Amy working on her tote bag. Photos by Aulistar Mark.

While sewing has a craftsy, homespun appeal, it’s not as affordable as the Etsy army makes it seem. Before you even jump into the knitting craze (is knitting still trendy?), you can be out hundreds on a machine, classes and fabric, which tends to cost a whole lot more than complete outfits you buy at discount stores. Solving all of these problems is the Brooklyn Sewing Collective, a group for enthusiasts and amateurs alike that meets at Brooklyn LaunchPad on Franklin Avenue in (where is this people: Crown Heights or Prospect Heights?). Sewing can seem like a daunting task for those with a crushing fear of manual labor, but here, machines, instruction and materials are all free and the vibe is chill. Here are five more reasons why we think the collective is great.

1. It’s free!

But we already said that. The sewing group meets every other Tuesday. (Schedule is available on the Brooklyn LaunchPad website.)

The fabric bin

2. The amenities

Brooklyn LaunchPad is a great venue in its own right, with lots of events beyond the Sewing Collective. It’s A/C-cooled in the summer, heated in the winter, offers free Wi-Fi and provides unique perks like a popcorn machine. If all the sewing builds up an appetite, the LaunchPad’s prime location on Franklin Ave. puts you within a block of neighborhood eateries like Dutch Boy Burger, Franklin Park, Sweet Basil, The Candy Rush and Chavela’s.

3. The equipment

You’re more than welcome to bring your own machine, but the group provides four donated for shared use. There are also bins of fabric for you to forage through.

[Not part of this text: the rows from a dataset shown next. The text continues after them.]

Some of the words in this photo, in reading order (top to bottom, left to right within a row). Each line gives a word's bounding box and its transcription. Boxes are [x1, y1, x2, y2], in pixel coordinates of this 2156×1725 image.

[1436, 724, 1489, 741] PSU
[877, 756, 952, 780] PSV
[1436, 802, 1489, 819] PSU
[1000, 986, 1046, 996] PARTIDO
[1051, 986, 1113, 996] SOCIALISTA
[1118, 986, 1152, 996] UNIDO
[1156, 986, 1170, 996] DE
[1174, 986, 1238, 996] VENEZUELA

For those a bit more advanced, the collective also has two sergers. For those not in the know, a serger is an overlock sewing machine that cuts the edges of the cloth as you feed through it. They are used for edging, hemming, and seaming, a good example being the stitching you find at the bottom of practically every t-shirt you own. These machines retail for $200 – $300 each.

4. The Expert Advice

Resident sewing guru Kate Schlieben also teaches a looming class at a private school on the Upper East Side, and teaches private knitting classes to children. She suggests beginners start off with simple projects like pillow cases, tote bags, or mending projects. If you have a question or need help threading a sewing machine she’s your gal.

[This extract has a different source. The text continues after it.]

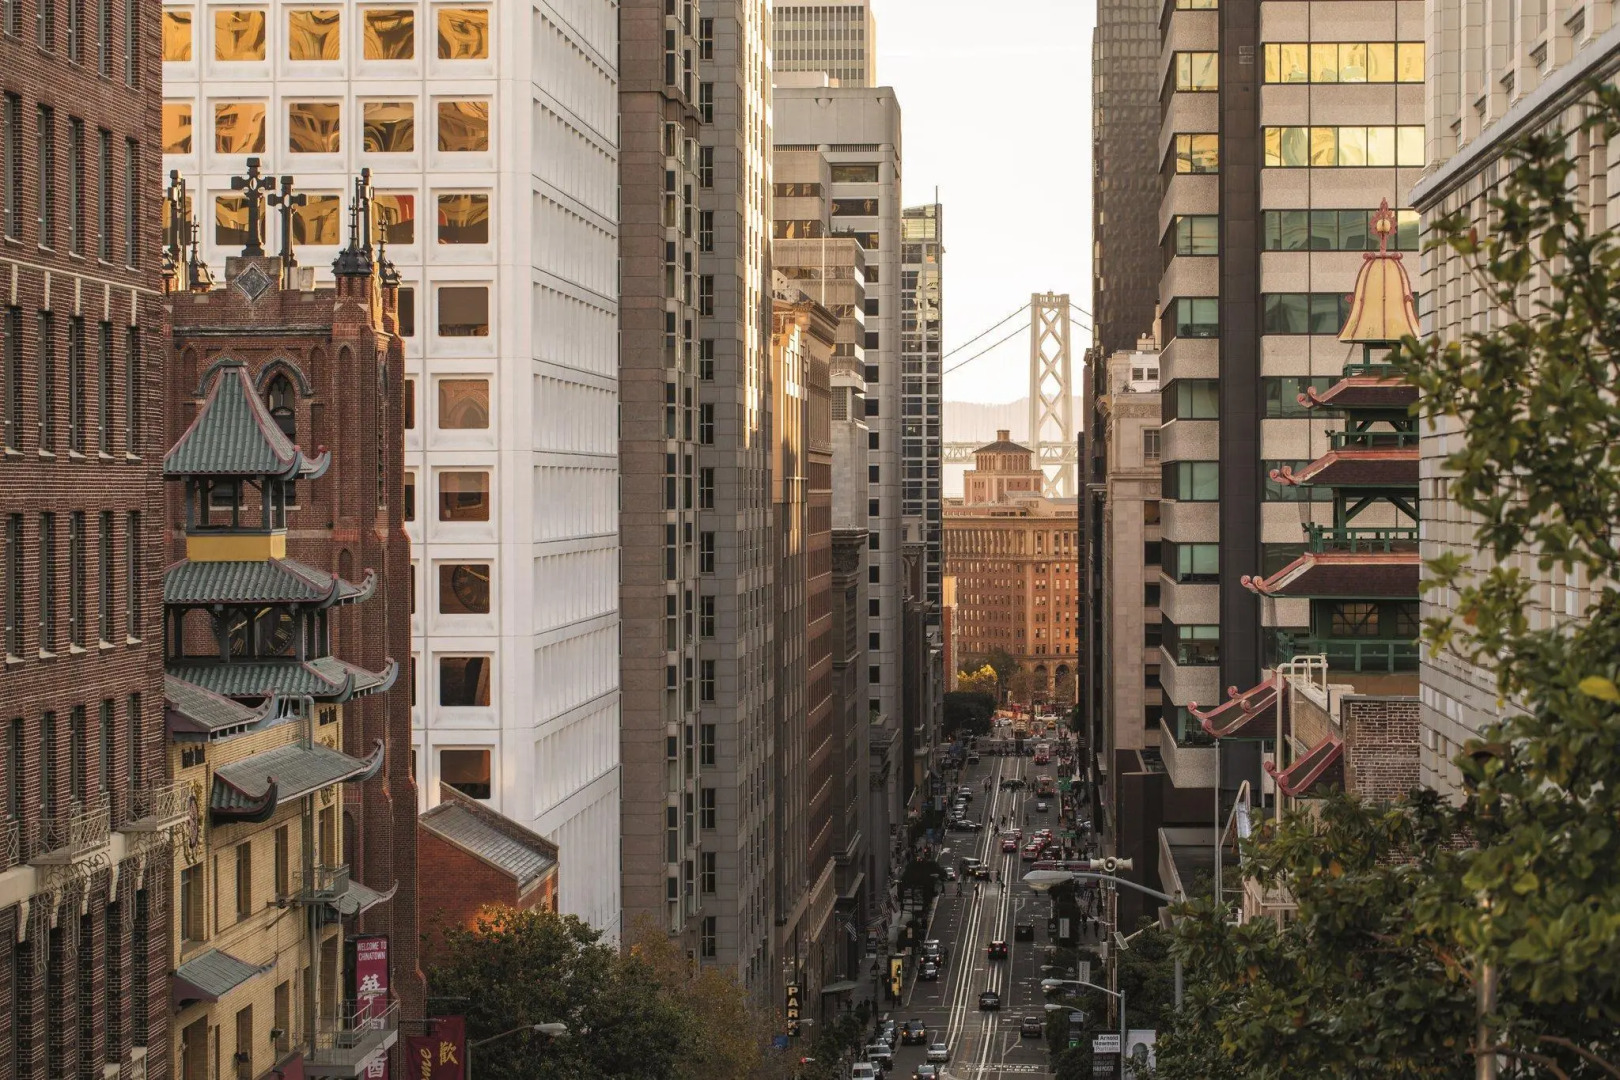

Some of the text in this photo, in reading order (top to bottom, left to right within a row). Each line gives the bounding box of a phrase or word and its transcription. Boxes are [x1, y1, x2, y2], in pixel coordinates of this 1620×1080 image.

[357, 941, 387, 951] WELCOME TO
[358, 952, 386, 961] CHINATOWN
[788, 986, 799, 1029] PARK

One member made this stuffed animal from scratch

5. The community

Ultimately the strength of the collective isn’t Kate, or the fact that it’s free, but rather the camaraderie between its members. If you feel you need constant hands-on instruction this is not the place to go, but if you’re crafty enough to figure some things out on your own with a helpful push, you too can join the collective.

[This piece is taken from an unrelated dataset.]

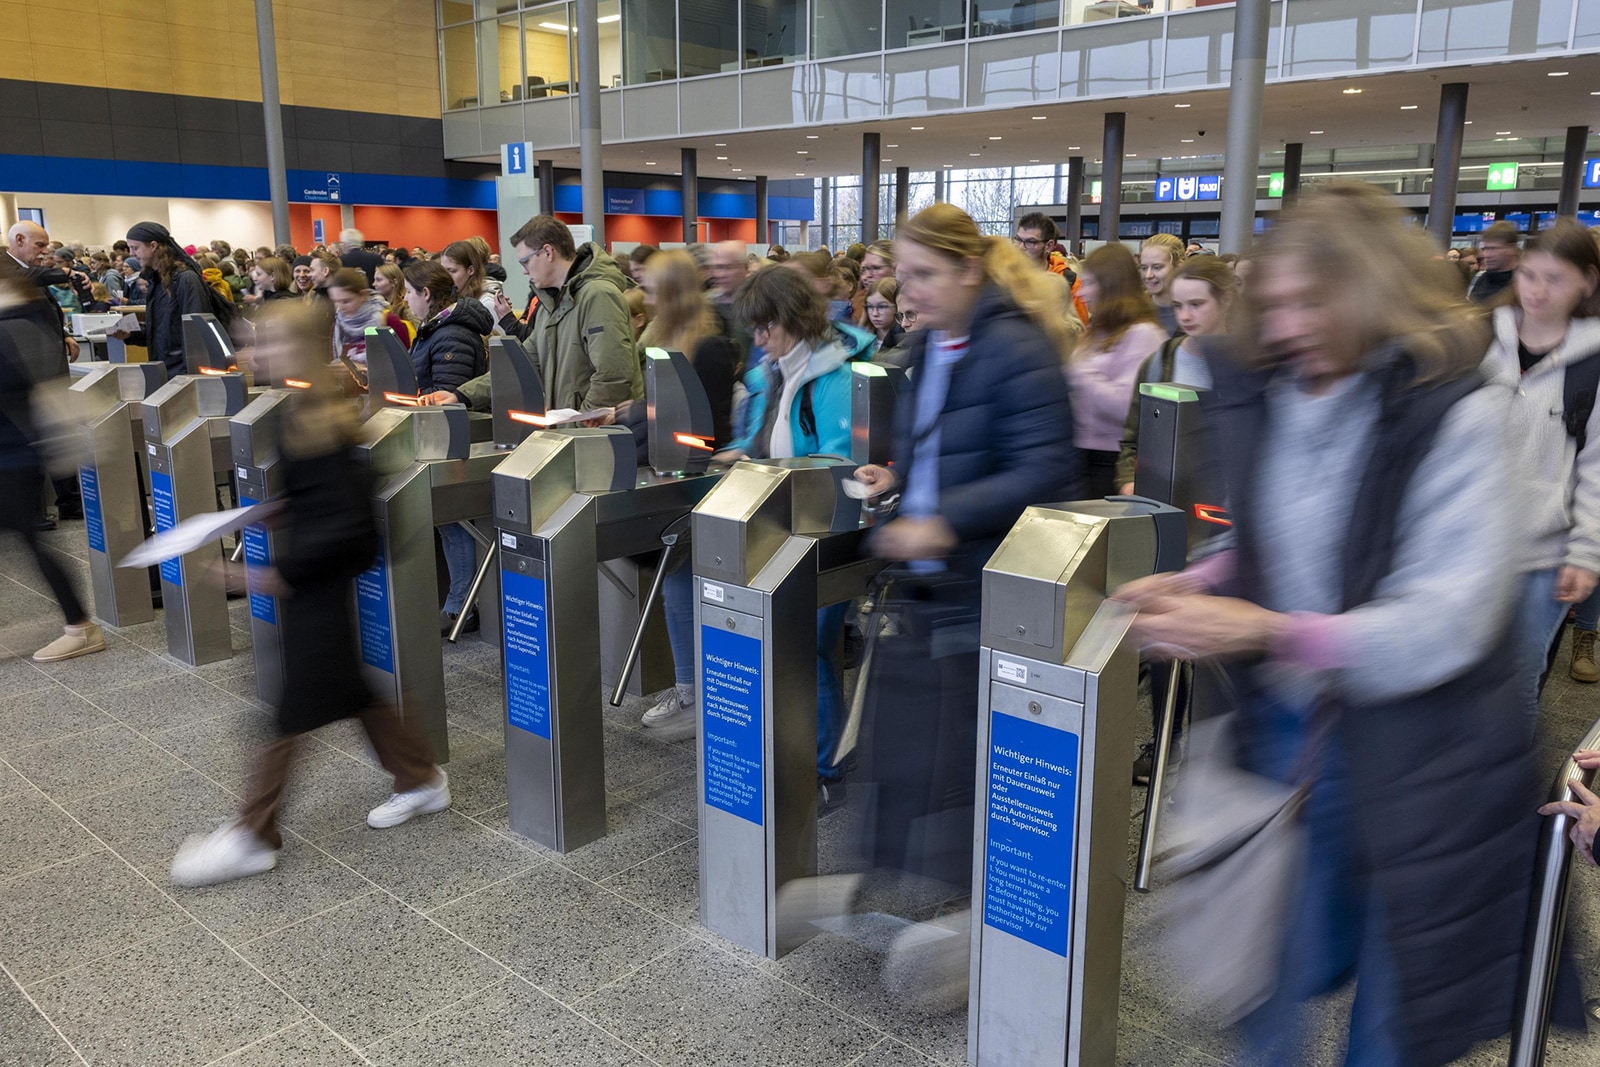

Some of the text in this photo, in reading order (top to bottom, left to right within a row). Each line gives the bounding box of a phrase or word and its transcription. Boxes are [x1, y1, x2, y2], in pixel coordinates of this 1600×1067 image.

The Brooklyn Sewing Collective is located at The Brooklyn LaunchPad, 721 Franklin Ave., in Prospect Heights. Brooklyn Sewing Collective Facebook Group.


  1. Jgoslow

    It’s on the border – though depending on who you ask it’s either crown heights or prospect heights.  If you wanna be safe and give the neighborhood a shout-out, call it Crow Hill (it’s old name being re-birthed of late).

    • Aulistar Mark

      While I was there the group managed with just 3 to 4 machines functioning. They have around 6 machines that have been donated so far, but can’t give any promises on when they’ll all be in working condition. 

      Sharing is part of the communal experience though :)

  2. It’s Crown Heights.  This debate is insane.  And Crow Hill is not being re-birthed “as of late”, it’s a group of 10 people (at most) who for 25 years have been attempting to call it that.  

    Launch Pad is an amazing place run by amazing people.